Name, etymology, and origin
Athena had a special relationship with Athens, as is shown by the etymological connection of the names of the goddess and the city. Athena was said to have won a contest with Poseidon, god of the Sea, over the city of Athens. In Classical myths Zeus had decided that, in order to settle the feud, whoever gave the city the most useful gift would win ownership and patronage of the city. Poseidon gave the city a fountain of flowing water, but it was salty and was not much help to the people. Athena planted the first olive tree, which provided the people with food, firewood, and shade.

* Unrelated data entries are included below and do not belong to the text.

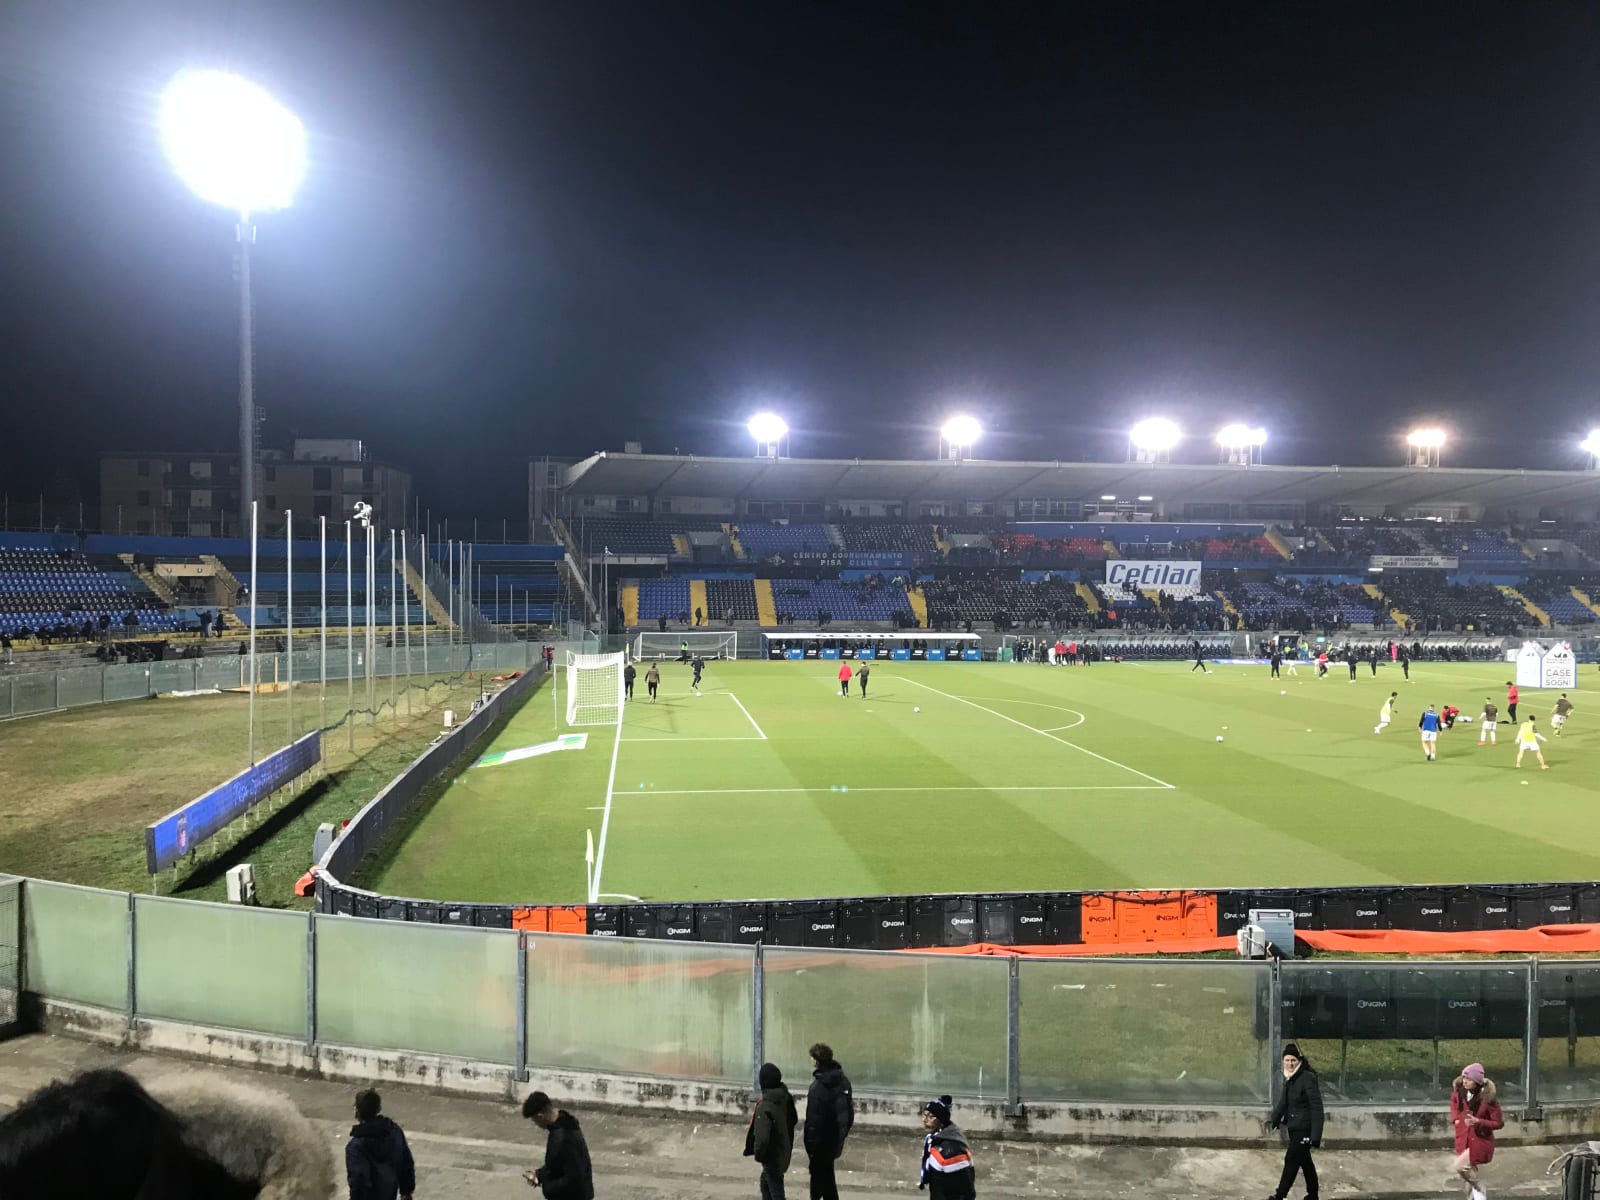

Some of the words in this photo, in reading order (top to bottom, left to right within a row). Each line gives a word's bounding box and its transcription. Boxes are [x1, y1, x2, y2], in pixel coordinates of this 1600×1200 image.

[1109, 564, 1198, 585] Cetilar
[1545, 669, 1572, 677] CASE
[816, 923, 835, 931] NGM
[887, 920, 905, 928] NGM
[671, 927, 691, 936] NGM
[744, 925, 764, 934] NGM

She showed how to crush olives to make oil, that could then be used in a variety of ways. Athena's gift was the most useful, and she won patronage of the city. Athens was then named in her honor. The citizens of Athens built a statue of Athena as a temple to the goddess, which had piercing eyes, a helmet on her head, attired with a aegis or cuirass, and an extremely long spear. It also had a crystal shield with the head of the Gorgon on it. A large snake accompanied her and she held the goddess of victory in her hand.